The Ability to Inflict Pain
Beware! Stinging ants!

A grasshopper is brought down by a large ant.
  Anyone who observes insects will see that they are amazingly strong and resilient for their size. Impressed by this, humans devised various rituals to help them claim some of that power for themselves.
 
Among the Kayapo of Brazil, ants are respected and admired for their tenaciousness. The men pound stinging ants into a paste which they paint on their hunting dogs in the hope that it will make them hunt with ferocity and determination as do the ants.
 
 

This is going to hurt!
Another ritual involves the ability of insects to inflict pain. As part of a reenactment of an ancient myth describing their fight with the giant rhinoceros beetle god, Kayapo warriors strike the nests of the aggressive Polybia species of wasp with their bare hands and receive their stings until they become unconscious from the pain and venom. To test the courage of their warriors, the Roucouyenne Indians of French Guiana capture and place wasps in a wicker framework so that their sting-bearing abdomens protrude from one side. The framework is then pressed onto the skin.  

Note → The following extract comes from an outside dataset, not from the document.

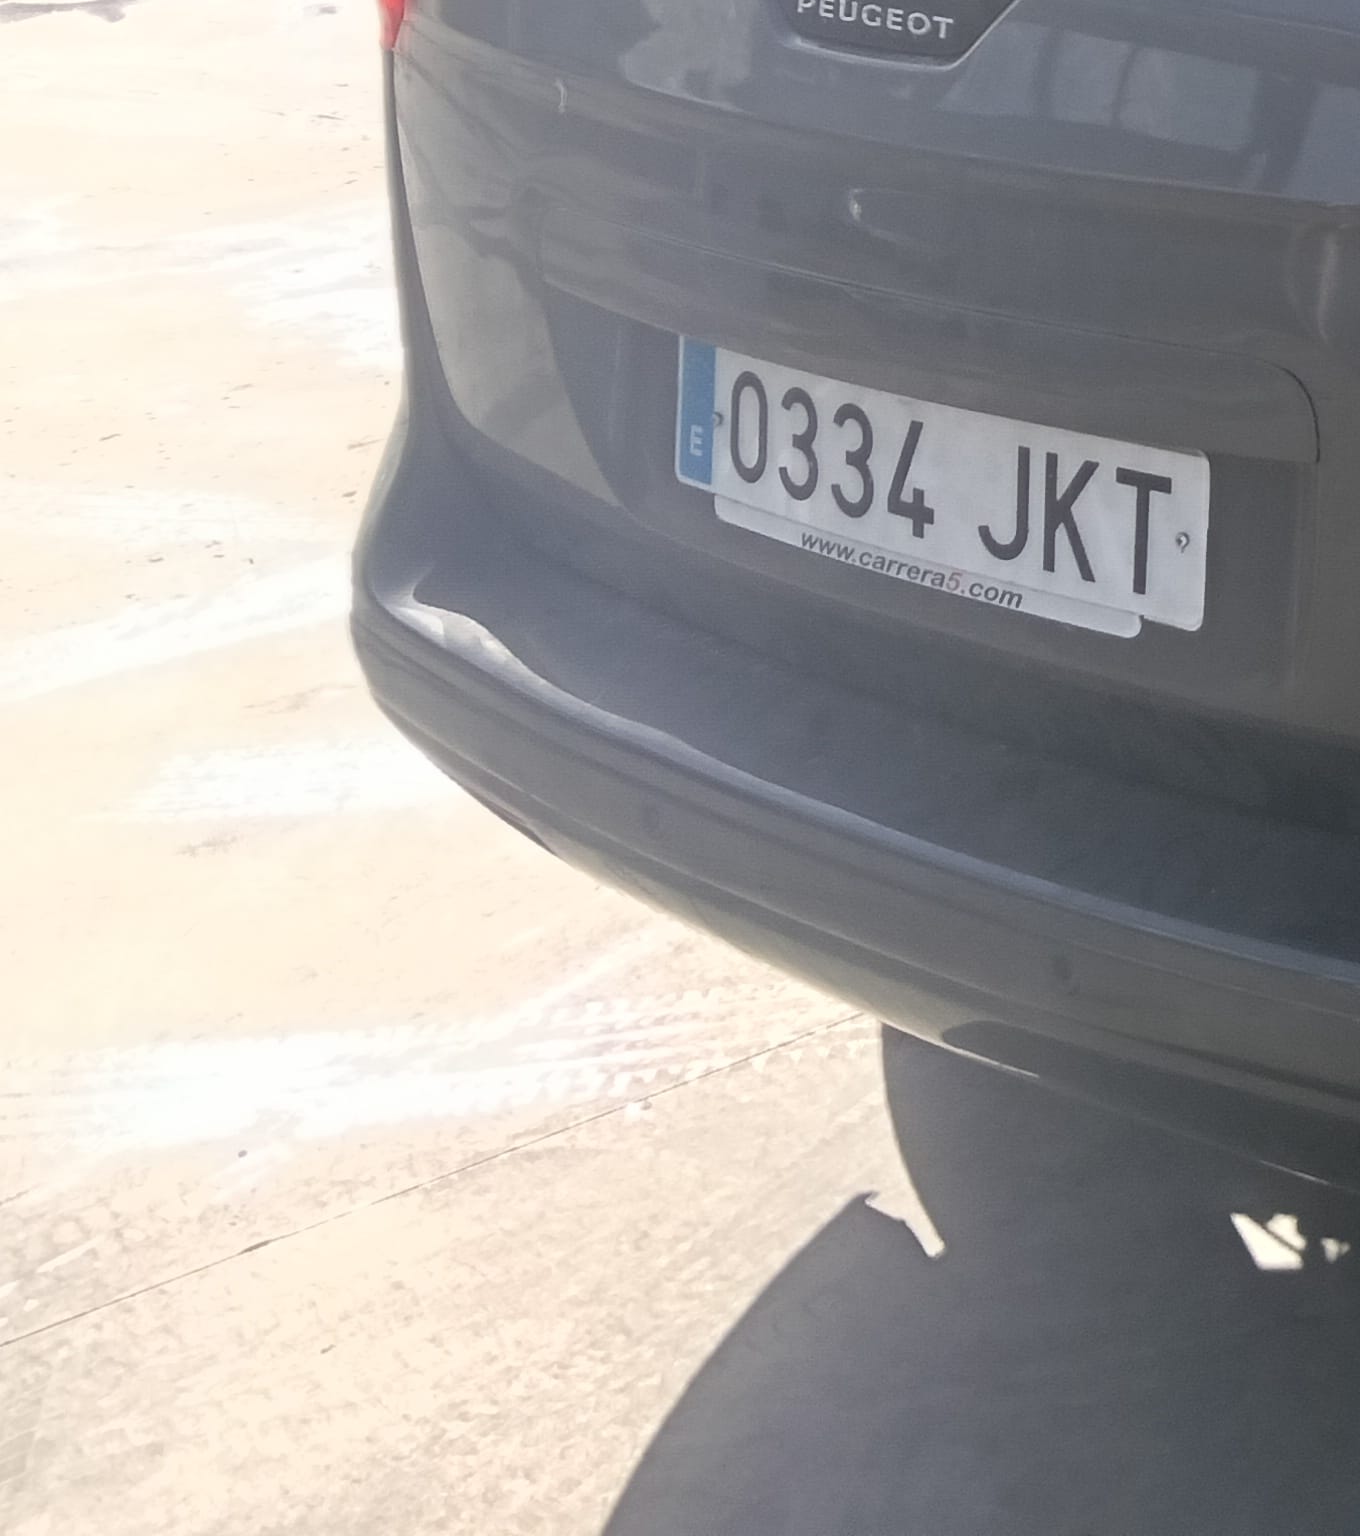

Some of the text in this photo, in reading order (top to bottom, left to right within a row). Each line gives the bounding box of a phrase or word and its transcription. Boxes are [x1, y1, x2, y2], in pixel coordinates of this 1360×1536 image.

Wicker framework with trapped wasps.
 

Stingers and initiation

The terrible ordeal of mortification of the flesh by ants.
  The most cruel initiation rite is probably the ordeal young Arawak Indians of both sexes must undergo upon reaching puberty. This initiation consists of a wicker framework similar to the one used by the Roucouyennes, but the wasps are replaced by large black ants of the genus Dinoponera. The young initiates must endure the pain without complaint.
 
Being bitten by one of these ants is like being hit with a hammer. Invariably the venom causes a violent fever and breathing difficulties. The ordeal is so severe that some do not survive it.